![NessaPreviewrender.jpg](http://i485.photobucket.com/albums/rr218/x4Leafx/NessaPreviewrender.jpg)
![NessaBPRRender.jpg](http://i485.photobucket.com/albums/rr218/x4Leafx/NessaBPRRender.jpg)
For those of you that are familiar with rendering with zbrush, I am having an issue related to the BPR rendering system.
The top image is the preview image and the bottom image is the BPR render. I spent a long time playing with the shaders to give the skin of my model the look I wanted. However when I did a BPR render, it looks totally different and ruined everything that I liked about the first. The subtle bits of pink in the shadow, the specular highlights, the color, it all gets overexposed and washed out in the BPR render.
Does anyone know why this might be happening and how I might fix it? Thanks.
Replies
Here is the project file with the material selected and all of my render settings exactly as they were when I rendered it on the Faerie.
http://www.mediafire.com/?a76678b8vq7p3qs
This is the individual material
Thank you very much for your help!
You can play with the dimming under Preferences: Edit, or you can turn on polypainting for all your subtools (the little paintbrush icon) to get rid of the dimming altogether and see the end result. I'd recommend the later so that you'll see the real result as you're adjusting the material settings.(You could even go as far to fill each subtool with the mrgb with the material/color combo).

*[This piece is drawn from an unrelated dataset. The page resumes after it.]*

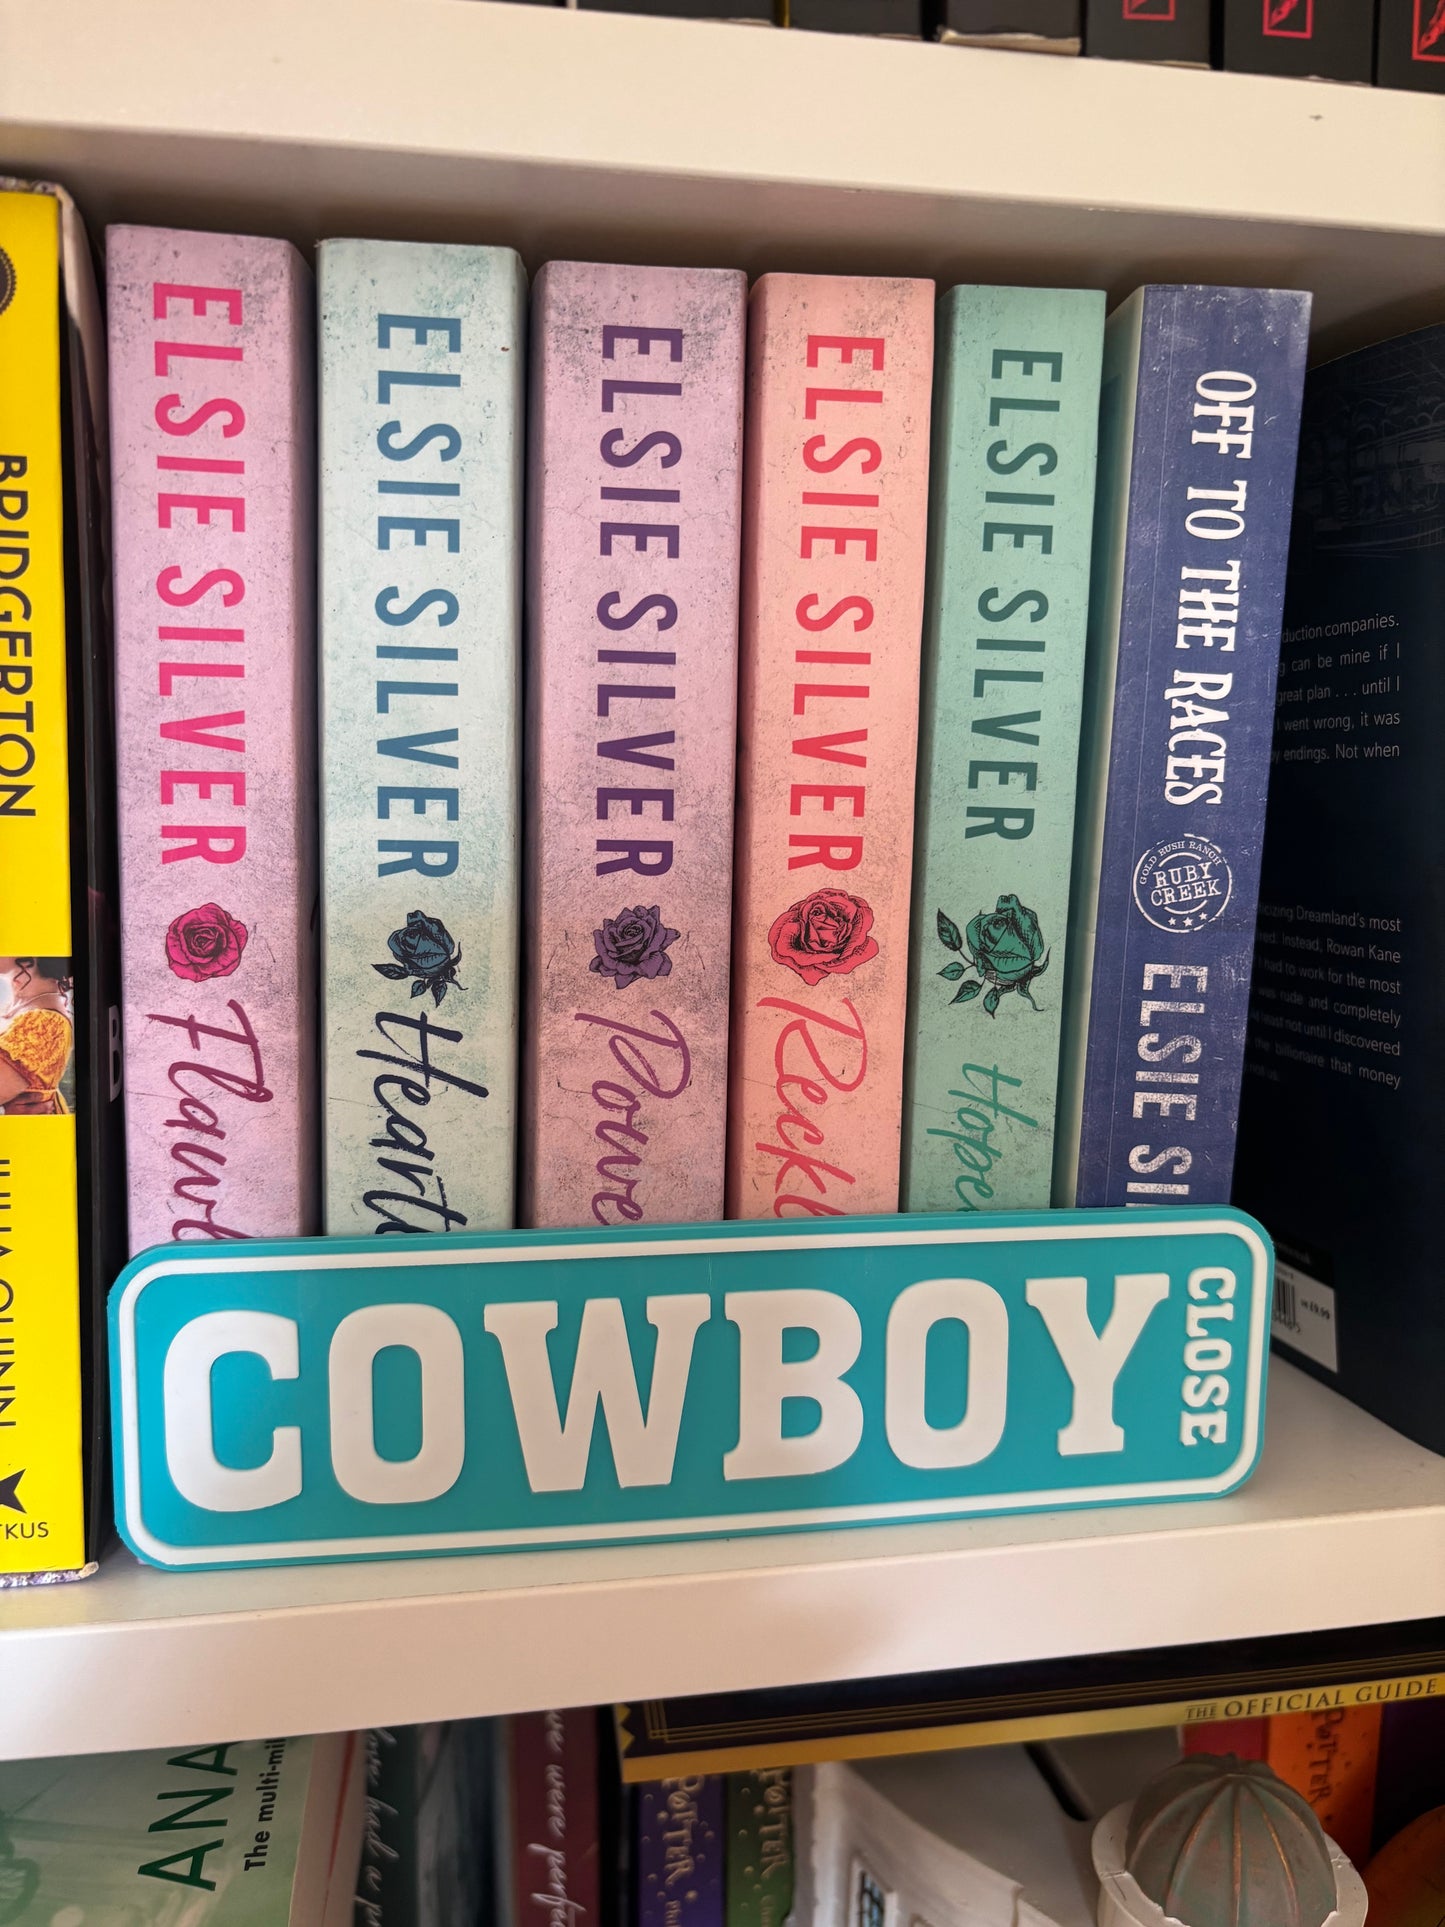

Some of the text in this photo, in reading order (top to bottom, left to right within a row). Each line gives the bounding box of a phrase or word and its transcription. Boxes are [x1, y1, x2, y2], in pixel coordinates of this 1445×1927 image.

Edit: I forgot about this last night and thought I should probably mention it incase you're really happy with the original result and don't want to spend time remixing. First, with the model looking how you like, export the document as a .psd, then use BPR. Under BPR: Render Pass you should see the various passes BPR just created, which you can then right-click to export. Export the mask, shadows, and whatever other passes you want; pretty much everything but shaded. You can combine these in photoshop with the original document you exported and they should all fit snuggly together, while letting you quickly adjust things like the strength and color of the shadow).
And you may want to make sure perspective is turned on before doing anything, just because.